** REQUIRED WORK **
Below are records with pictures. Transcribe exactly, and only, the lines from the line with "this 1344×1512 image." to the line with "this 2000×924 image.", both ends included, but not the pictures.

** RECORDS FOR THE TASK **

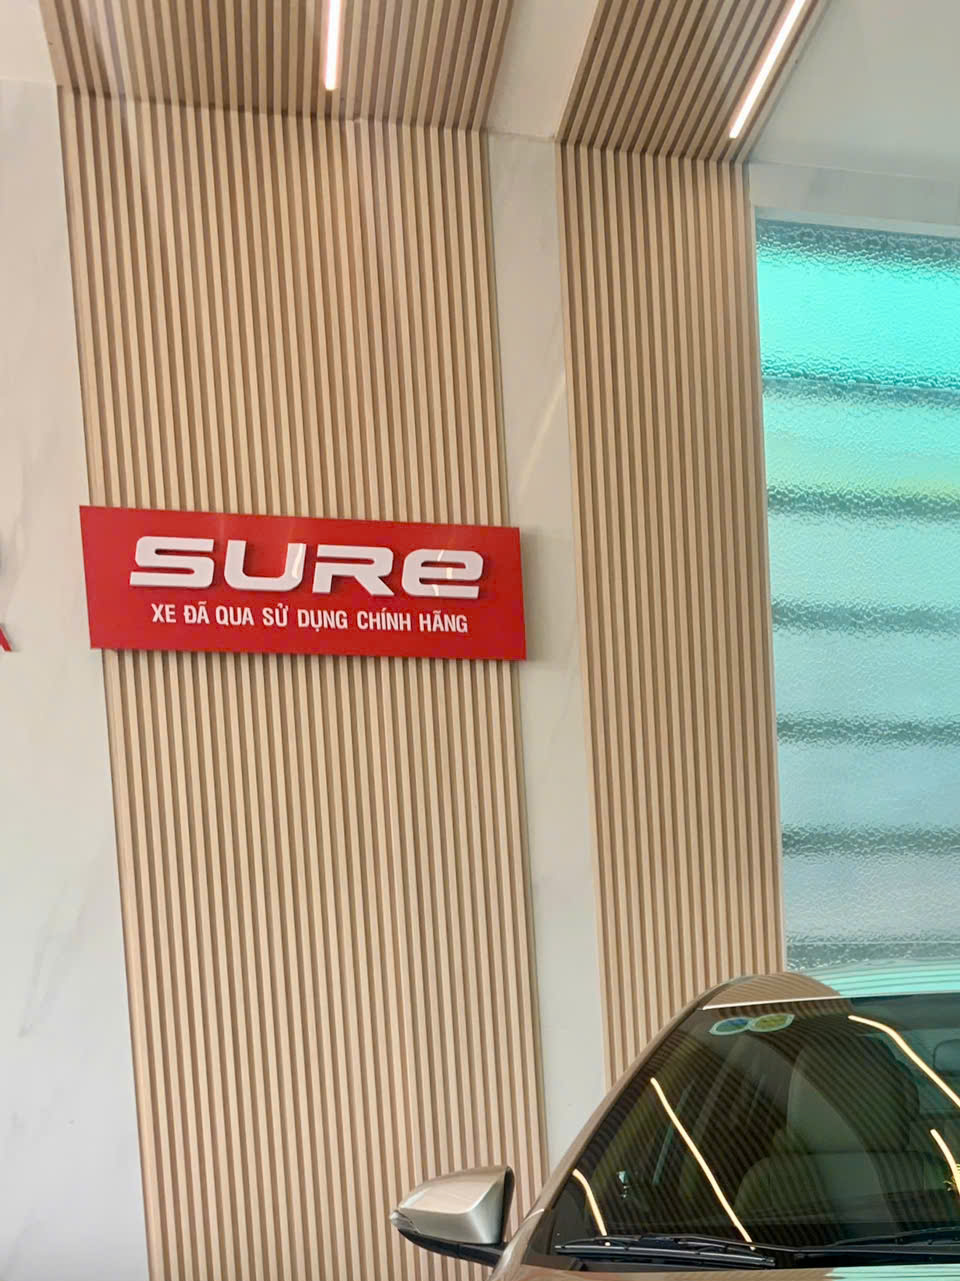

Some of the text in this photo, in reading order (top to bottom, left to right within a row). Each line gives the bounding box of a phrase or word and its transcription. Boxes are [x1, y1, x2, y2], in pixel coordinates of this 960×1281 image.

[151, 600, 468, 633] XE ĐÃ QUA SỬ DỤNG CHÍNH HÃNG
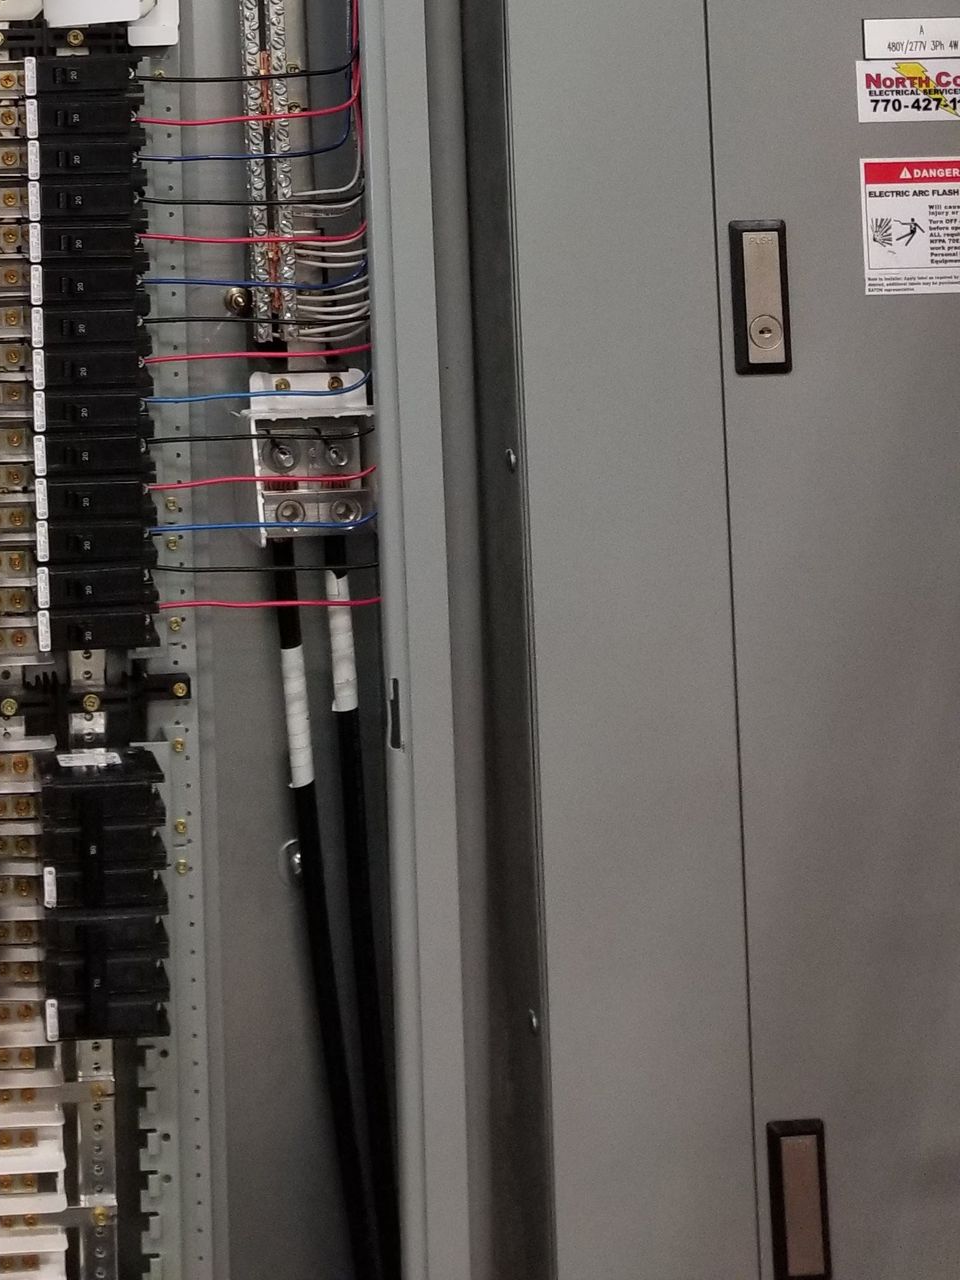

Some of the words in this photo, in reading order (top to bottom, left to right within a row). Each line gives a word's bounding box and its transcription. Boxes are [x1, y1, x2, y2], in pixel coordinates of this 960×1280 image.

* * *

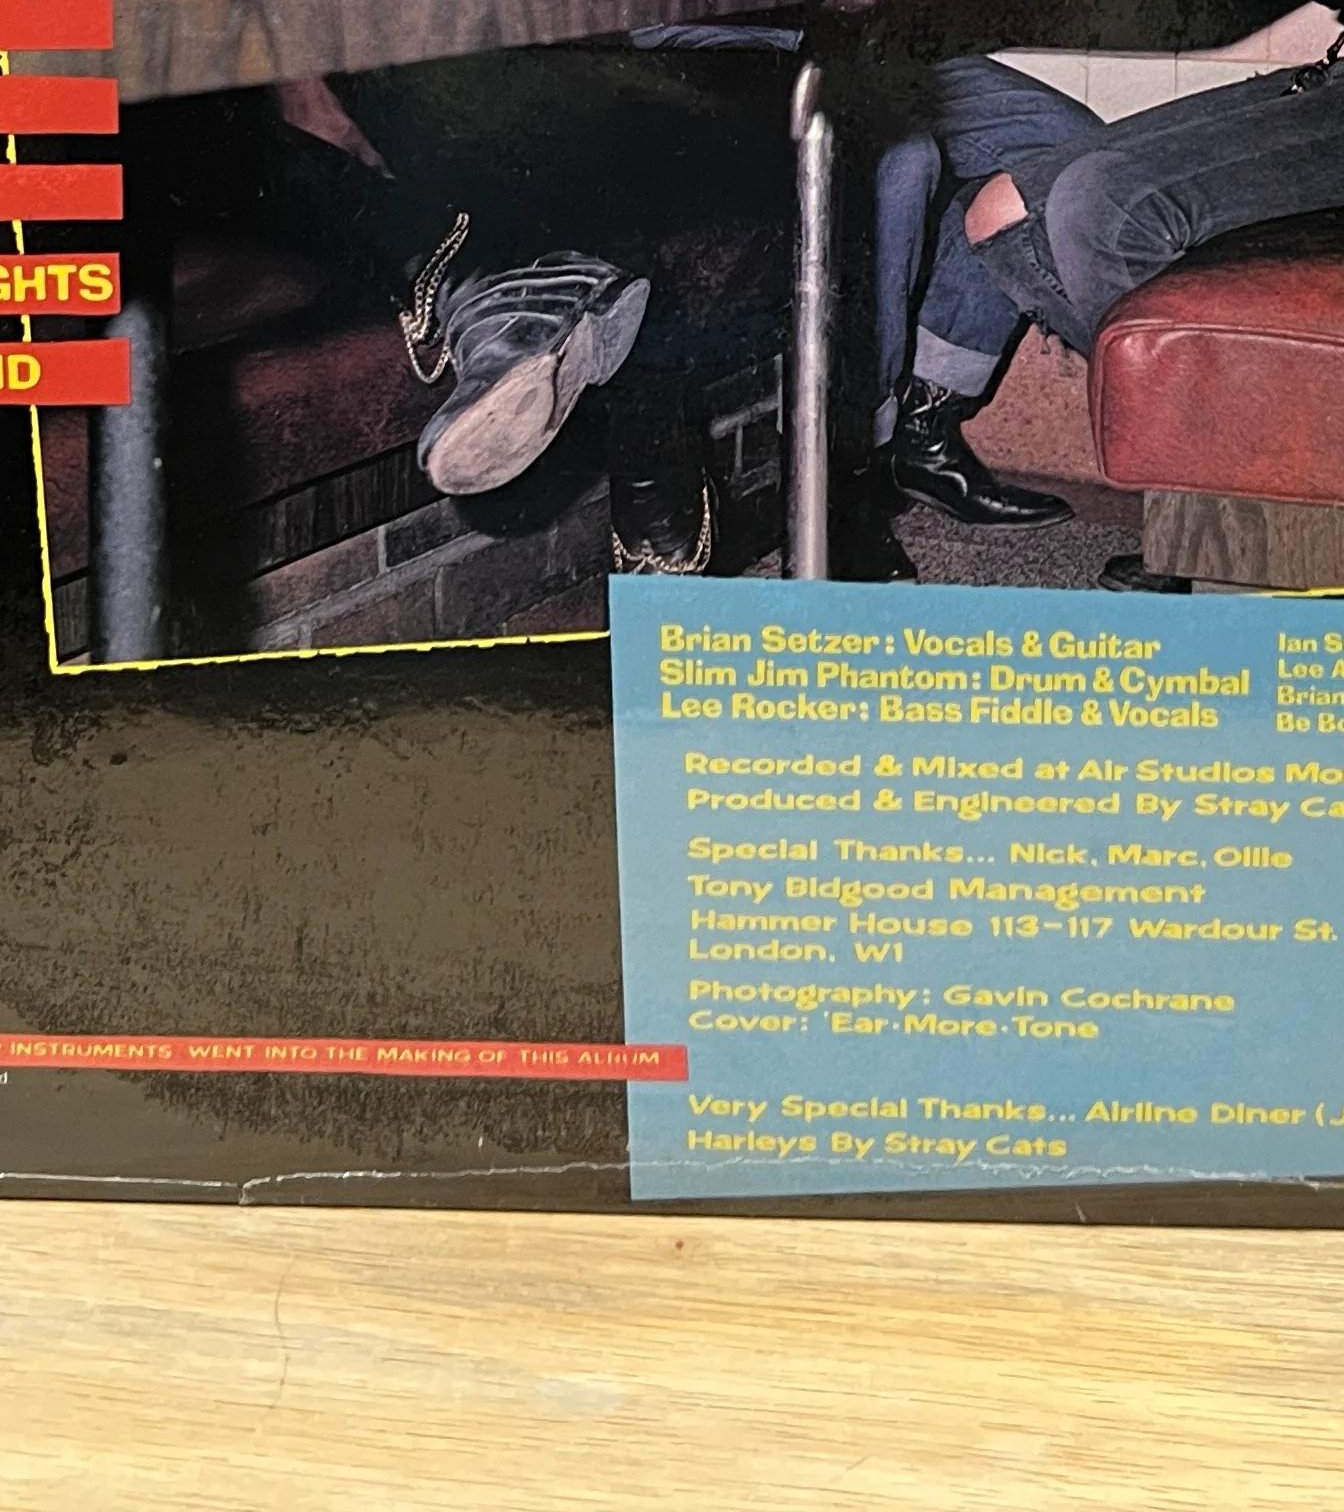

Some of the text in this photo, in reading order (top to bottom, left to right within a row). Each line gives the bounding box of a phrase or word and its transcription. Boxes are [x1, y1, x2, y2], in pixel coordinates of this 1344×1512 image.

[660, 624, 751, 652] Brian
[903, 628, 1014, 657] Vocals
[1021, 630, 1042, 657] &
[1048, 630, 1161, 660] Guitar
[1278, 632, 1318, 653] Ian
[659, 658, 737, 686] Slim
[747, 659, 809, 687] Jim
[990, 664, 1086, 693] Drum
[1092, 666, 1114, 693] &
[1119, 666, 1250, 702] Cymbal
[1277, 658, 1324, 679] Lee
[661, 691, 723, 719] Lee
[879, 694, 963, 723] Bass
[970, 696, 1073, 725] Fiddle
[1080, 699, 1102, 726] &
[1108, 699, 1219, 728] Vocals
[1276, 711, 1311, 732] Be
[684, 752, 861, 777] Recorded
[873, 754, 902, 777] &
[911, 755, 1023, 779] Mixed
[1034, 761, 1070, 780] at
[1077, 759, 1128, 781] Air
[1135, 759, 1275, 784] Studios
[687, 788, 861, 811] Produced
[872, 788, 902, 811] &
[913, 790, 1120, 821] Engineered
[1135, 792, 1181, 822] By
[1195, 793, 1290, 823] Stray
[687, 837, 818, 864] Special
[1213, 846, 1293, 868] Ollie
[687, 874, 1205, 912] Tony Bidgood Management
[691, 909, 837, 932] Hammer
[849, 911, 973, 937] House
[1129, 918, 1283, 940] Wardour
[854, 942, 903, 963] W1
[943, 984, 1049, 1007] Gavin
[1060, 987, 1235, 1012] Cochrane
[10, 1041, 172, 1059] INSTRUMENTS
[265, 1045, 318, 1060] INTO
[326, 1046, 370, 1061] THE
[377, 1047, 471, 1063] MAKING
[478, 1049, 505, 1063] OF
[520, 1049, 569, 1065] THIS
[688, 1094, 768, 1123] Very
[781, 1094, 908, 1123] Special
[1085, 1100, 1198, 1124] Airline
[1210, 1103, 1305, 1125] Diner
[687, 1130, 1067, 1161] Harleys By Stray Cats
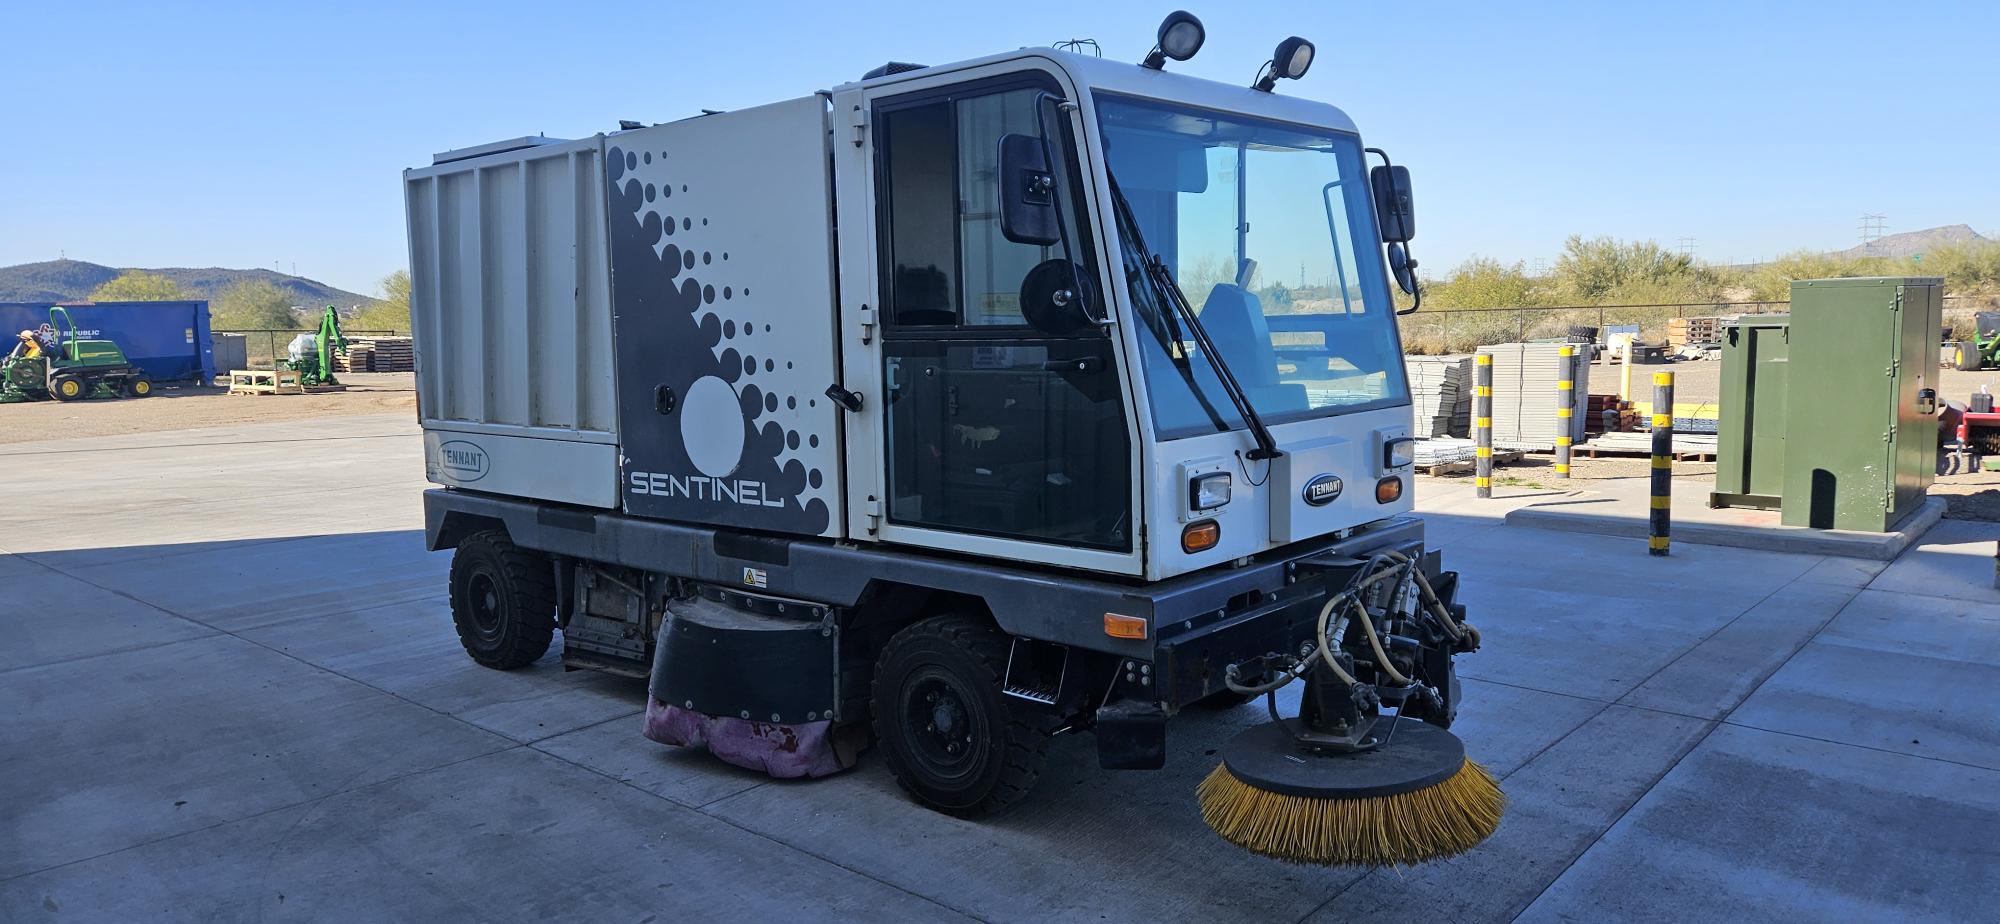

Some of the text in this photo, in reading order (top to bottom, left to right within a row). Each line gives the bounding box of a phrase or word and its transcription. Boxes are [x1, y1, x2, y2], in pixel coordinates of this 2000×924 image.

* * *

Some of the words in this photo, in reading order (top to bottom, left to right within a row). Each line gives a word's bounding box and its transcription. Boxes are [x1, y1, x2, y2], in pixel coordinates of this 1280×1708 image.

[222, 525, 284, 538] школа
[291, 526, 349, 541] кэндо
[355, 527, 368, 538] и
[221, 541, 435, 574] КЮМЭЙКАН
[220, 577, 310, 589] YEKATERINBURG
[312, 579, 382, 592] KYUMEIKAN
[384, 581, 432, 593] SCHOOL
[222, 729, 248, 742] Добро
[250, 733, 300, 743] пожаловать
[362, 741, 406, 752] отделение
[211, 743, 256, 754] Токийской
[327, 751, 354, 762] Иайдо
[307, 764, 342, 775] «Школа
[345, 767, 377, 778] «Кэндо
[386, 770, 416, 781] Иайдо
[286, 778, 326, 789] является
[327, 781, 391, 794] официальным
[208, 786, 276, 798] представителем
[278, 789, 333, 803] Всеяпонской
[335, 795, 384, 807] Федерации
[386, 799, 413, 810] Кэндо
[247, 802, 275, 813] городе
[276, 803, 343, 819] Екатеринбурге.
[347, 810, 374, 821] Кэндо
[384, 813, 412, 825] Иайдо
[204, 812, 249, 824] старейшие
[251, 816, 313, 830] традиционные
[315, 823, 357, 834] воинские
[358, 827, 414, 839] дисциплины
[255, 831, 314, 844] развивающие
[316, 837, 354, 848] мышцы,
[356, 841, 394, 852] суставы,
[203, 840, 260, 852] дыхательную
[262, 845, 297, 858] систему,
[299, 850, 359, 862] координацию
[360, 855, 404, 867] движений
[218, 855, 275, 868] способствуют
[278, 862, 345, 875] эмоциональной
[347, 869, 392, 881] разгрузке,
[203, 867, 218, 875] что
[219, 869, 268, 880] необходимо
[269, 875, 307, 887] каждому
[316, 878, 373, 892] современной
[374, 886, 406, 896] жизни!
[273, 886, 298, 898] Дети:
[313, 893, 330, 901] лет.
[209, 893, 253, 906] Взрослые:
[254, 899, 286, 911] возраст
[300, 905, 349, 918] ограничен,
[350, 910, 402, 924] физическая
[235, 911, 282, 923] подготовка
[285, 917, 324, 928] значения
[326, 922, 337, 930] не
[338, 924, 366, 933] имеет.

** SOLUTION FOR THIS PROBLEM **
Some of the text in this photo, in reading order (top to bottom, left to right within a row). Each line gives the bounding box of a phrase or word and its transcription. Boxes are [x1, y1, x2, y2], in pixel coordinates of this 1344×1512 image.

[660, 624, 751, 652] Brian
[903, 628, 1014, 657] Vocals
[1021, 630, 1042, 657] &
[1048, 630, 1161, 660] Guitar
[1278, 632, 1318, 653] Ian
[659, 658, 737, 686] Slim
[747, 659, 809, 687] Jim
[990, 664, 1086, 693] Drum
[1092, 666, 1114, 693] &
[1119, 666, 1250, 702] Cymbal
[1277, 658, 1324, 679] Lee
[661, 691, 723, 719] Lee
[879, 694, 963, 723] Bass
[970, 696, 1073, 725] Fiddle
[1080, 699, 1102, 726] &
[1108, 699, 1219, 728] Vocals
[1276, 711, 1311, 732] Be
[684, 752, 861, 777] Recorded
[873, 754, 902, 777] &
[911, 755, 1023, 779] Mixed
[1034, 761, 1070, 780] at
[1077, 759, 1128, 781] Air
[1135, 759, 1275, 784] Studios
[687, 788, 861, 811] Produced
[872, 788, 902, 811] &
[913, 790, 1120, 821] Engineered
[1135, 792, 1181, 822] By
[1195, 793, 1290, 823] Stray
[687, 837, 818, 864] Special
[1213, 846, 1293, 868] Ollie
[687, 874, 1205, 912] Tony Bidgood Management
[691, 909, 837, 932] Hammer
[849, 911, 973, 937] House
[1129, 918, 1283, 940] Wardour
[854, 942, 903, 963] W1
[943, 984, 1049, 1007] Gavin
[1060, 987, 1235, 1012] Cochrane
[10, 1041, 172, 1059] INSTRUMENTS
[265, 1045, 318, 1060] INTO
[326, 1046, 370, 1061] THE
[377, 1047, 471, 1063] MAKING
[478, 1049, 505, 1063] OF
[520, 1049, 569, 1065] THIS
[688, 1094, 768, 1123] Very
[781, 1094, 908, 1123] Special
[1085, 1100, 1198, 1124] Airline
[1210, 1103, 1305, 1125] Diner
[687, 1130, 1067, 1161] Harleys By Stray Cats

Some of the text in this photo, in reading order (top to bottom, left to right within a row). Each line gives the bounding box of a phrase or word and its transcription. Boxes are [x1, y1, x2, y2], in pixel coordinates of this 2000×924 image.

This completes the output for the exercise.